Sadly, you wouldn’t know it from the Bush administration. Working in concert with Congress, Bush has been revving the denial engines full-throttle since coming to power. Campaigning against the UN-sponsored Kyoto treaty to reduce emissions that cause global warming during the 2000 presidential election, he denied that human activity had anything to do with the phenomenon. Once in the oval office, he promptly withdrew from the agreement. The next step was to attack the messengers. In 2001 Bush manufactured the replacement of Dr. Robert Watson, chief scientist of the World Bank and a stanch supporter of Kyoto, with the more malleable Dr. Rajendra Pachauri, known in international circles as the “drag our feet on global warming” candidate. In 2002, when his own Environmental Protection Agency issued a report concluding “greenhouse gases are accumulating in the Earth’s atmosphere as a result of human activities, causing global mean surface air temperatures and subsurface ocean temperatures to rise,” Bush dismissed it as “bureaucracy” clap trap. All references to the dangers of global warming on the EPA’s “National Assessment on Climate Change” web site were subsequently ordered removed or altered, just so no one got the wrong idea.

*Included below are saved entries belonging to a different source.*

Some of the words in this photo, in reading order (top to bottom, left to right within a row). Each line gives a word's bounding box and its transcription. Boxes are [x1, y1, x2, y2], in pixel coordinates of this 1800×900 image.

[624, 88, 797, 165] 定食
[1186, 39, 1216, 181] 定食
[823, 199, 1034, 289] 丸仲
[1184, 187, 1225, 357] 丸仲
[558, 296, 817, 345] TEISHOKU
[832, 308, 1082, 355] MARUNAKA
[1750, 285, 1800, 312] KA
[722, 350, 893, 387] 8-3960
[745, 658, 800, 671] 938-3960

Still, denials can’t change the facts. Over the past 200 years industrial activity has raised atmospheric carbon levels from 100 to 380 parts per million, a level last reached 650,000 years ago. In the late twentieth century we arrived at the tipping point, climatically speaking, and the earth began heating up exponentially. Since 1995, sea levels have been rising at an accelerated rate, thanks to melting ice caps and the thermal expansion of the ocean water itself. Rising oceans have been greeted with alarm the world over, as they threaten to swamp low-lying continental regions (Bangladesh and Holland, for example) and inundate several island nations.
And that is just for starters. Global warming of the oceans is also resulting in, amongst other things, more intense hurricanes. Katrina, for example, began as a Category 1 hurricane before traversing the Gulf of Mexico’s overheated waters, where temperature differentials transformed it into a 175-mile-per hour behemoth. Nonetheless the White House cleaved to its party line, declaring there was “no need for the administration to change its policies on global warming” in the wake of Katrina.

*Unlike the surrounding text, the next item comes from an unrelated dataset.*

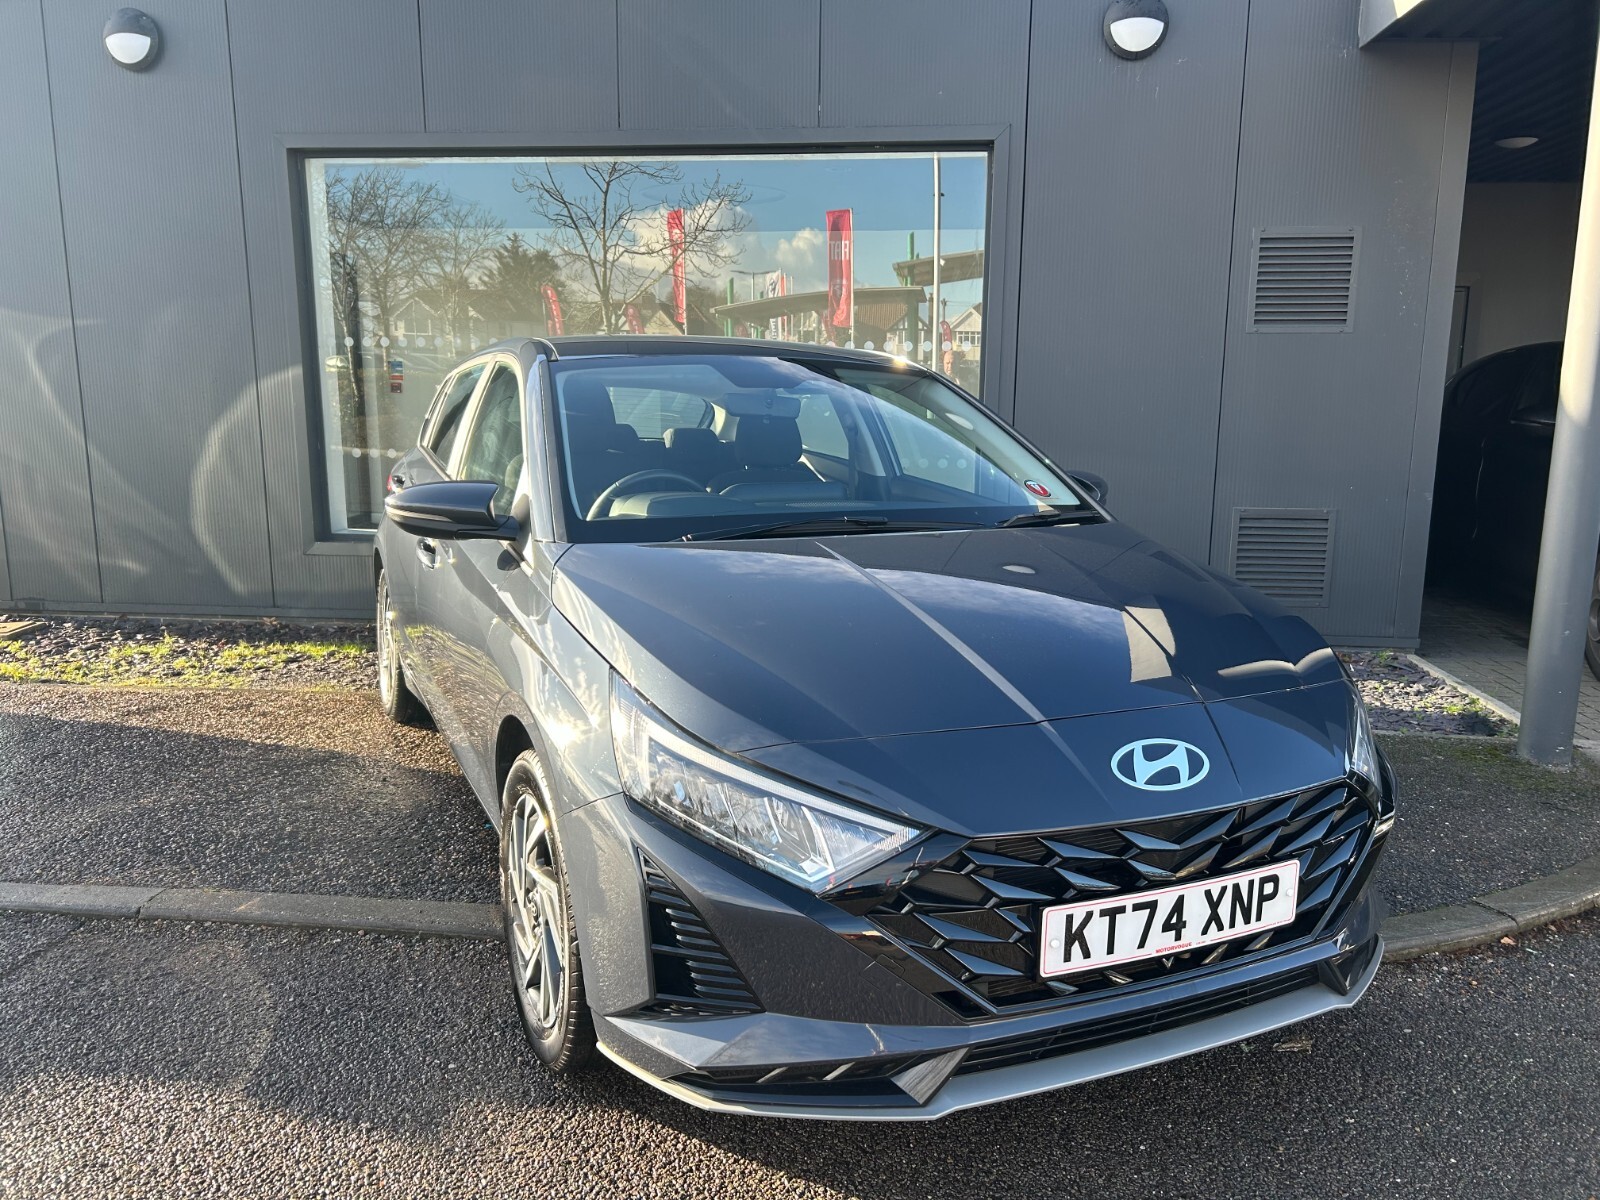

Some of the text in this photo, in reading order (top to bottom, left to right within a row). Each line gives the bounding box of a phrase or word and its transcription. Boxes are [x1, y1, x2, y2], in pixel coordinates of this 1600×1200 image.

[1063, 873, 1280, 963] KT74 XNP
[1155, 941, 1193, 954] MOTORVOGUE

While George W. Bush stands in a corner with his eyes shut, the rest of the world is now in full-fledged panic mode. In January 2005, at the World Bank’s Intergovernmental Panel on Climate Change, Bush’s own hand-picked eco-flunky, Dr. Pachauri, underlined the bottom line. He told representatives from 114 nations that “the level of dangerous concentrations of carbon dioxide in the atmosphere” threatens humanity’s “survival.” “Climate change is for real,” he continued: “We have just a small window of opportunity and it is closing rather rapidly. There is not a moment to lose.”
How did Bush react? Fresh from his January inauguration to another four year term, he launched “Clear Skies” legislation which would exempt a wide range of industries from any requirement to reduce toxic emissions. Old carbon-pumping coal plants could pollute away with no obligation to upgrade emission controls. Later that year, at the G8 summit in July, Bush successfully blocked any calls to action on climate change beyond a perfunctory acknowledgment that “human activities ... contribute in large part to increases in greenhouse gases associated with the warming of our planet.” Stating the obvious while failing to address it, he brought the politics of denial to a new level.
Perhaps Bush’s intransigence has a rational explanation. Perhaps God has secretly assured him the entire world’s population will be “raptured” before the consequences really start kicking in. But we aren’t betting on it.